═══ Task material ═══
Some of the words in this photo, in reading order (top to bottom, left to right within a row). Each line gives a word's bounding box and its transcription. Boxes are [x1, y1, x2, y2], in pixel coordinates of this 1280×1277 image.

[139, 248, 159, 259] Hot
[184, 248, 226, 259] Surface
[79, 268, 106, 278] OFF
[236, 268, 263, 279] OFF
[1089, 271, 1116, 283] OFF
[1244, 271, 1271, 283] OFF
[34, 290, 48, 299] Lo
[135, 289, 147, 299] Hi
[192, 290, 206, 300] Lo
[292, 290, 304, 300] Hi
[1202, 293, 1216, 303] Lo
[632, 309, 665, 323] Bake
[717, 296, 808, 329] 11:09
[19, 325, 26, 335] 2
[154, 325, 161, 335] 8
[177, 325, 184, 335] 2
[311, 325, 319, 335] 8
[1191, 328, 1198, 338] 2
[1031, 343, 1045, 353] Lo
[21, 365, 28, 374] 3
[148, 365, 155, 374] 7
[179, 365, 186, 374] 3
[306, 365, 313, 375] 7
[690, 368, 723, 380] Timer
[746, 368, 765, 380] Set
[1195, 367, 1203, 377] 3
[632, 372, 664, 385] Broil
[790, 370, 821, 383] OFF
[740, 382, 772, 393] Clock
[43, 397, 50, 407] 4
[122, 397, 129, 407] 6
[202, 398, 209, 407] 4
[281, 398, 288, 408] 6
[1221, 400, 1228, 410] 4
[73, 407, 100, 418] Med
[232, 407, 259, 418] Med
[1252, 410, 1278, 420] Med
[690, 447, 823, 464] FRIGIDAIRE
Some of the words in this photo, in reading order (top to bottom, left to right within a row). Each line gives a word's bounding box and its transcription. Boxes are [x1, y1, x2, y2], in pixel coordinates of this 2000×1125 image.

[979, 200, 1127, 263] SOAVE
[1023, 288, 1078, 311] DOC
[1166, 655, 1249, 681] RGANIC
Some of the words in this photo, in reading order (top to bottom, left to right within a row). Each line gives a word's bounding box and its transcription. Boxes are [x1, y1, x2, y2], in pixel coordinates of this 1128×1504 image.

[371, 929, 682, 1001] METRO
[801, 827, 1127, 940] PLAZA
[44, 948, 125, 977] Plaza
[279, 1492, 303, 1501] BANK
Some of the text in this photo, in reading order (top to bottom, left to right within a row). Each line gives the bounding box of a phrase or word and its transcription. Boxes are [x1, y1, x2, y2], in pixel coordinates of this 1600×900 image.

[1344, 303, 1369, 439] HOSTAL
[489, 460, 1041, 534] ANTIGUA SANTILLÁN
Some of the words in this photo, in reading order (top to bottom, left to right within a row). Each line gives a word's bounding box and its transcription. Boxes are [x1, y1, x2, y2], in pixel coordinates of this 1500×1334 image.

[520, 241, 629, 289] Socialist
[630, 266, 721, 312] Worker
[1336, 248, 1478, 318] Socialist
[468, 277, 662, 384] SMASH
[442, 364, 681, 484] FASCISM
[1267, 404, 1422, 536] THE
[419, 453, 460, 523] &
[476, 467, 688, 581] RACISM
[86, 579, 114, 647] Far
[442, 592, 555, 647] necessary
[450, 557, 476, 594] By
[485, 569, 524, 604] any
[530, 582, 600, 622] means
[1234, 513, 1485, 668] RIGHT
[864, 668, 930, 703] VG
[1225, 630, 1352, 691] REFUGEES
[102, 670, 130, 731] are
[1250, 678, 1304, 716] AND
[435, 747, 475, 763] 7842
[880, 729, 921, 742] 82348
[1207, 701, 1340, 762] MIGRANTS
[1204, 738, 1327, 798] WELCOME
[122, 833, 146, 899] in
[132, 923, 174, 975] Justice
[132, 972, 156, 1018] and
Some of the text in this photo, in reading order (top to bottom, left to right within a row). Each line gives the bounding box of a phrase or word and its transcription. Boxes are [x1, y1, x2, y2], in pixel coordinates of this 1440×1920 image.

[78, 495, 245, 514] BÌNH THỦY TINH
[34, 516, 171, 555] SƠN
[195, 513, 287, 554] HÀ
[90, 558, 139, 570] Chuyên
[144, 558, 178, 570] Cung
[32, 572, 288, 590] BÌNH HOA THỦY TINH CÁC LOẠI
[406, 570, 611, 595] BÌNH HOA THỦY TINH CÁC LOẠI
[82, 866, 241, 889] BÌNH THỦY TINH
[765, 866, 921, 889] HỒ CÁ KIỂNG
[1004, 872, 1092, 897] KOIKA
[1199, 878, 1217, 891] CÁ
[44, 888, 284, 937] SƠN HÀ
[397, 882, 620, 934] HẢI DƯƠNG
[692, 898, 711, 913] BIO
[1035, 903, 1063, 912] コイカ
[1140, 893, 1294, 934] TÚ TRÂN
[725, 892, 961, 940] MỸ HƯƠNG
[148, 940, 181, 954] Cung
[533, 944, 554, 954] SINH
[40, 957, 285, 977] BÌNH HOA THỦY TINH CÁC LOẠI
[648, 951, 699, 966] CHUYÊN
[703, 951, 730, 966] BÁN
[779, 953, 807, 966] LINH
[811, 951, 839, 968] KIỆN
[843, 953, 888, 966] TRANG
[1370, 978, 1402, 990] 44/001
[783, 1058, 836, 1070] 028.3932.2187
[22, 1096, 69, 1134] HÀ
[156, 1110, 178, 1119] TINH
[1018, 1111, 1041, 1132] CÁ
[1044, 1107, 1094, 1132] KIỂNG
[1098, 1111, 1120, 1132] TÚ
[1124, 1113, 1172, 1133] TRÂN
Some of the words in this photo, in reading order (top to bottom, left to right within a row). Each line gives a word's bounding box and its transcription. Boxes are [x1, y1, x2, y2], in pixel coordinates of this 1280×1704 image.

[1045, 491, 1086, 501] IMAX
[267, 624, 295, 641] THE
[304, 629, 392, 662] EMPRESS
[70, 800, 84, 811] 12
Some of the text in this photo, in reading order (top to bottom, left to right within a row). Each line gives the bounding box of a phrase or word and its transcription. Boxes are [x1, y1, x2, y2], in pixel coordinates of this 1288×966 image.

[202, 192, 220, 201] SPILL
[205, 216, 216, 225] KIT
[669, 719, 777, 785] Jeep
═══
Goal of the exercise: Write out every line of the records exactly.

Response area:
Some of the words in this photo, in reading order (top to bottom, left to right within a row). Each line gives a word's bounding box and its transcription. Boxes are [x1, y1, x2, y2], in pixel coordinates of this 1280×1277 image.

[139, 248, 159, 259] Hot
[184, 248, 226, 259] Surface
[79, 268, 106, 278] OFF
[236, 268, 263, 279] OFF
[1089, 271, 1116, 283] OFF
[1244, 271, 1271, 283] OFF
[34, 290, 48, 299] Lo
[135, 289, 147, 299] Hi
[192, 290, 206, 300] Lo
[292, 290, 304, 300] Hi
[1202, 293, 1216, 303] Lo
[632, 309, 665, 323] Bake
[717, 296, 808, 329] 11:09
[19, 325, 26, 335] 2
[154, 325, 161, 335] 8
[177, 325, 184, 335] 2
[311, 325, 319, 335] 8
[1191, 328, 1198, 338] 2
[1031, 343, 1045, 353] Lo
[21, 365, 28, 374] 3
[148, 365, 155, 374] 7
[179, 365, 186, 374] 3
[306, 365, 313, 375] 7
[690, 368, 723, 380] Timer
[746, 368, 765, 380] Set
[1195, 367, 1203, 377] 3
[632, 372, 664, 385] Broil
[790, 370, 821, 383] OFF
[740, 382, 772, 393] Clock
[43, 397, 50, 407] 4
[122, 397, 129, 407] 6
[202, 398, 209, 407] 4
[281, 398, 288, 408] 6
[1221, 400, 1228, 410] 4
[73, 407, 100, 418] Med
[232, 407, 259, 418] Med
[1252, 410, 1278, 420] Med
[690, 447, 823, 464] FRIGIDAIRE
Some of the words in this photo, in reading order (top to bottom, left to right within a row). Each line gives a word's bounding box and its transcription. Boxes are [x1, y1, x2, y2], in pixel coordinates of this 2000×1125 image.

[979, 200, 1127, 263] SOAVE
[1023, 288, 1078, 311] DOC
[1166, 655, 1249, 681] RGANIC
Some of the words in this photo, in reading order (top to bottom, left to right within a row). Each line gives a word's bounding box and its transcription. Boxes are [x1, y1, x2, y2], in pixel coordinates of this 1128×1504 image.

[371, 929, 682, 1001] METRO
[801, 827, 1127, 940] PLAZA
[44, 948, 125, 977] Plaza
[279, 1492, 303, 1501] BANK
Some of the text in this photo, in reading order (top to bottom, left to right within a row). Each line gives the bounding box of a phrase or word and its transcription. Boxes are [x1, y1, x2, y2], in pixel coordinates of this 1600×900 image.

[1344, 303, 1369, 439] HOSTAL
[489, 460, 1041, 534] ANTIGUA SANTILLÁN
Some of the words in this photo, in reading order (top to bottom, left to right within a row). Each line gives a word's bounding box and its transcription. Boxes are [x1, y1, x2, y2], in pixel coordinates of this 1500×1334 image.

[520, 241, 629, 289] Socialist
[630, 266, 721, 312] Worker
[1336, 248, 1478, 318] Socialist
[468, 277, 662, 384] SMASH
[442, 364, 681, 484] FASCISM
[1267, 404, 1422, 536] THE
[419, 453, 460, 523] &
[476, 467, 688, 581] RACISM
[86, 579, 114, 647] Far
[442, 592, 555, 647] necessary
[450, 557, 476, 594] By
[485, 569, 524, 604] any
[530, 582, 600, 622] means
[1234, 513, 1485, 668] RIGHT
[864, 668, 930, 703] VG
[1225, 630, 1352, 691] REFUGEES
[102, 670, 130, 731] are
[1250, 678, 1304, 716] AND
[435, 747, 475, 763] 7842
[880, 729, 921, 742] 82348
[1207, 701, 1340, 762] MIGRANTS
[1204, 738, 1327, 798] WELCOME
[122, 833, 146, 899] in
[132, 923, 174, 975] Justice
[132, 972, 156, 1018] and
Some of the text in this photo, in reading order (top to bottom, left to right within a row). Each line gives the bounding box of a phrase or word and its transcription. Boxes are [x1, y1, x2, y2], in pixel coordinates of this 1440×1920 image.

[78, 495, 245, 514] BÌNH THỦY TINH
[34, 516, 171, 555] SƠN
[195, 513, 287, 554] HÀ
[90, 558, 139, 570] Chuyên
[144, 558, 178, 570] Cung
[32, 572, 288, 590] BÌNH HOA THỦY TINH CÁC LOẠI
[406, 570, 611, 595] BÌNH HOA THỦY TINH CÁC LOẠI
[82, 866, 241, 889] BÌNH THỦY TINH
[765, 866, 921, 889] HỒ CÁ KIỂNG
[1004, 872, 1092, 897] KOIKA
[1199, 878, 1217, 891] CÁ
[44, 888, 284, 937] SƠN HÀ
[397, 882, 620, 934] HẢI DƯƠNG
[692, 898, 711, 913] BIO
[1035, 903, 1063, 912] コイカ
[1140, 893, 1294, 934] TÚ TRÂN
[725, 892, 961, 940] MỸ HƯƠNG
[148, 940, 181, 954] Cung
[533, 944, 554, 954] SINH
[40, 957, 285, 977] BÌNH HOA THỦY TINH CÁC LOẠI
[648, 951, 699, 966] CHUYÊN
[703, 951, 730, 966] BÁN
[779, 953, 807, 966] LINH
[811, 951, 839, 968] KIỆN
[843, 953, 888, 966] TRANG
[1370, 978, 1402, 990] 44/001
[783, 1058, 836, 1070] 028.3932.2187
[22, 1096, 69, 1134] HÀ
[156, 1110, 178, 1119] TINH
[1018, 1111, 1041, 1132] CÁ
[1044, 1107, 1094, 1132] KIỂNG
[1098, 1111, 1120, 1132] TÚ
[1124, 1113, 1172, 1133] TRÂN
Some of the words in this photo, in reading order (top to bottom, left to right within a row). Each line gives a word's bounding box and its transcription. Boxes are [x1, y1, x2, y2], in pixel coordinates of this 1280×1704 image.

[1045, 491, 1086, 501] IMAX
[267, 624, 295, 641] THE
[304, 629, 392, 662] EMPRESS
[70, 800, 84, 811] 12
Some of the text in this photo, in reading order (top to bottom, left to right within a row). Each line gives the bounding box of a phrase or word and its transcription. Boxes are [x1, y1, x2, y2], in pixel coordinates of this 1288×966 image.

[202, 192, 220, 201] SPILL
[205, 216, 216, 225] KIT
[669, 719, 777, 785] Jeep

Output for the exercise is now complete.